KIDS given paracetamol in their first two years of life may be at a higher risk of developing asthma by 18, a study has found.
The chance is greater if they have a particular genetic make-up.
The research looked at 620 children who had been followed from birth to 18, all of whom had a relative with an allergic disease.
After their birth, a research nurse rang the family every four weeks for the first 15 months, and then at 18 months and at two-years-old to ask how many days in the previous weeks had the child taken paracetamol.
But the authors of the Australian study carried out at the University of Melbourne said the findings showed a link between paracetamol and asthma, not that the drug caused the lung condition.
Researchers found one variant of the GSTP1 gene – GSTP1 Ile/Ile was associated with almost twice the risk of developing asthma.

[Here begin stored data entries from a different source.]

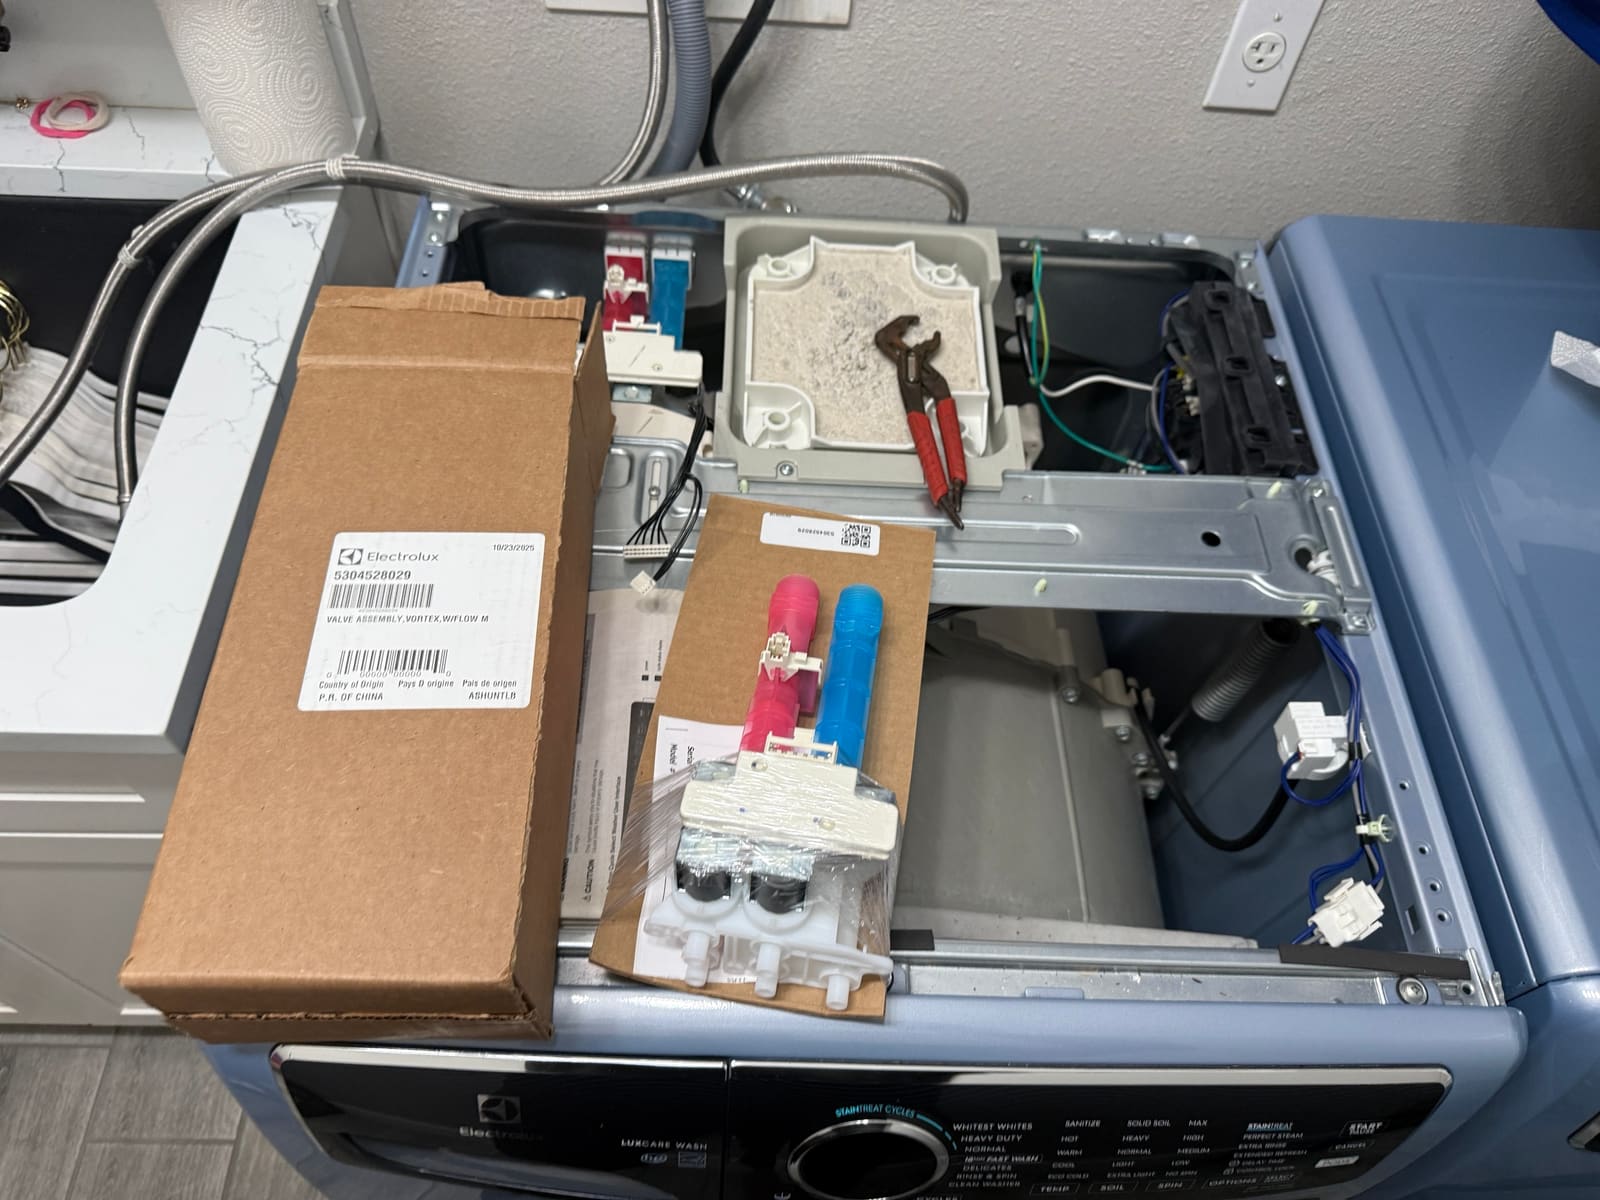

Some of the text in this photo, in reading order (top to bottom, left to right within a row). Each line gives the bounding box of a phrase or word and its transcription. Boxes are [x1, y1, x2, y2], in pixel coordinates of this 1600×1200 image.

[366, 552, 438, 562] Electrolux
[334, 570, 411, 580] 5304528029
[318, 680, 384, 690] Country of Origin
[398, 680, 416, 688] Pays
[426, 680, 454, 688] origine
[493, 680, 517, 688] origen
[341, 693, 353, 701] OF
[356, 692, 384, 701] CHINA
[670, 744, 678, 765] Model
[686, 745, 695, 764] Seria
[835, 1104, 916, 1118] STAINTREAT CYCLES
[953, 1122, 1032, 1132] WHITEST WHITES
[1065, 1120, 1100, 1128] SANITIZE
[1127, 1120, 1172, 1128] SOLID SOIL
[960, 1134, 1022, 1142] HEAVY DUTY
[676, 1140, 708, 1150] WASH

Children who are given paracetamol in their first two years are likely to develop asthma as adults.
Xin Dai, a nurse and PhD student at the university, said: “We found that children with the GSTP1 Ile/Ile variant had 1.8 times higher risk of developing asthma by the age of 18 years for each doubling of the days of paracetamol exposure when compared to children who were less exposed.

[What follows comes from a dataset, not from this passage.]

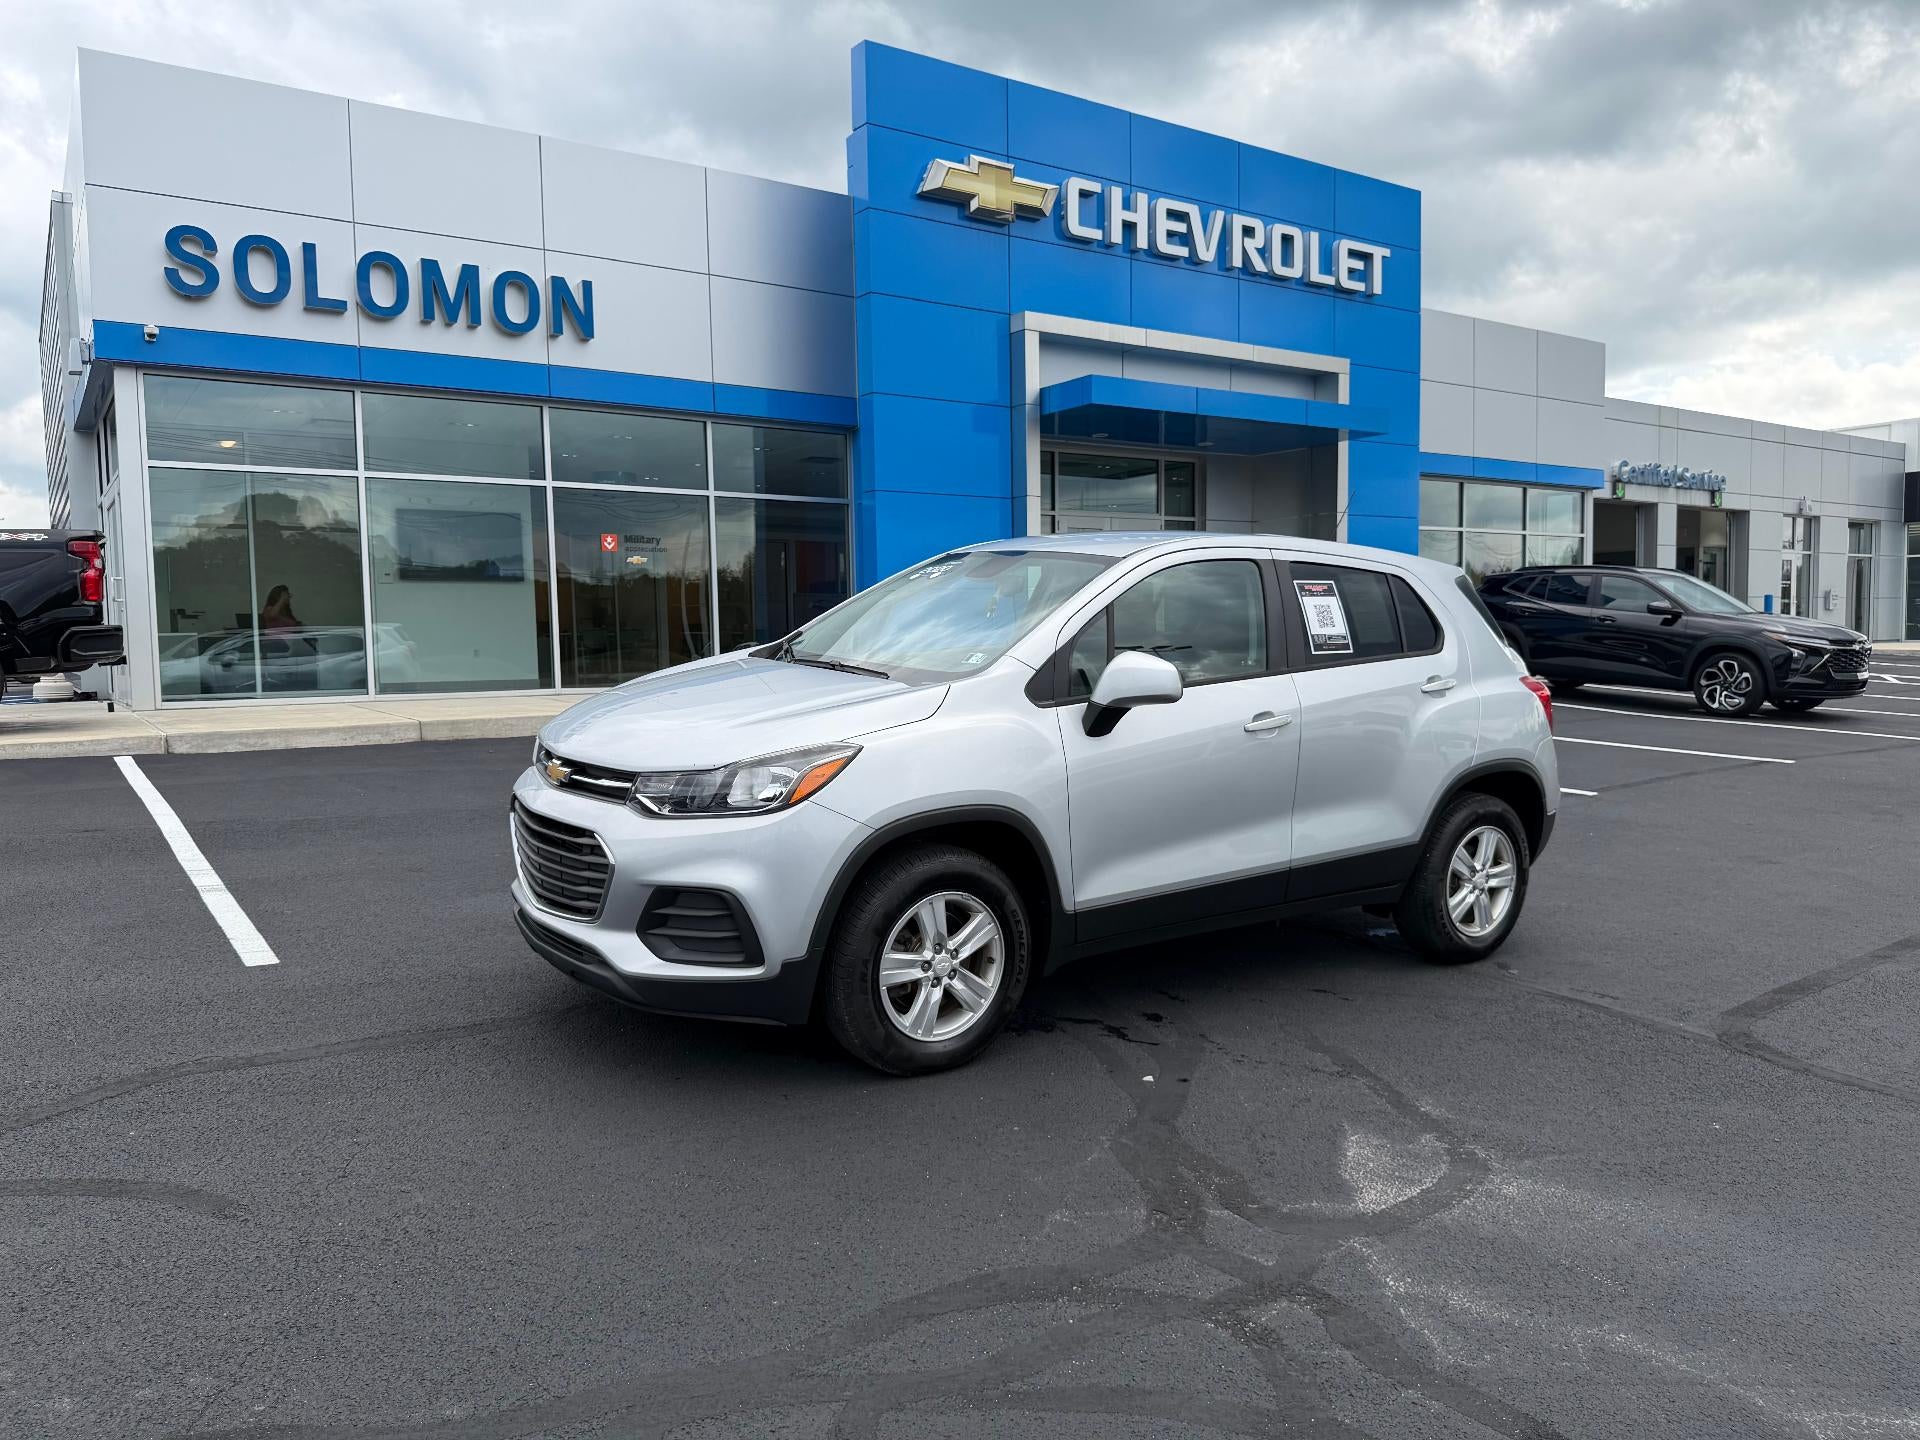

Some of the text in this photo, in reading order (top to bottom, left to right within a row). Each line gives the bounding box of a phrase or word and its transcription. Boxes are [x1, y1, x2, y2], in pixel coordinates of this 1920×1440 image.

[1062, 176, 1391, 296] CHEVROLET
[164, 224, 595, 342] SOLOMON
[1617, 460, 1727, 491] Certified Service
[624, 535, 661, 545] Military

“In contrast, increasing paracetamol exposure in children who had other types of GSTP1 did not alter the risk of asthma.
“We also found effects in children who had a variant of GSTM1 in which one part is not functioning.
“In these children increasing paracetamol use was associated with small, but significant reduction in the amount of air they could forcibly breathe out in one second at 18 years.
“Paracetamol is recommended by the NHS to treat most kinds of childhood ailments.
She continued: “Our findings provide more evidence that paracetamol use in infancy may have an adverse effect on respiratory health for children with particular genetic profiles and could be a possible cause of asthma.
“However, these findings would need to be confirmed by other studies and the degree of adverse effect better understood before this evidence could be used to influence practice and before guidelines on paracetamol use are altered.”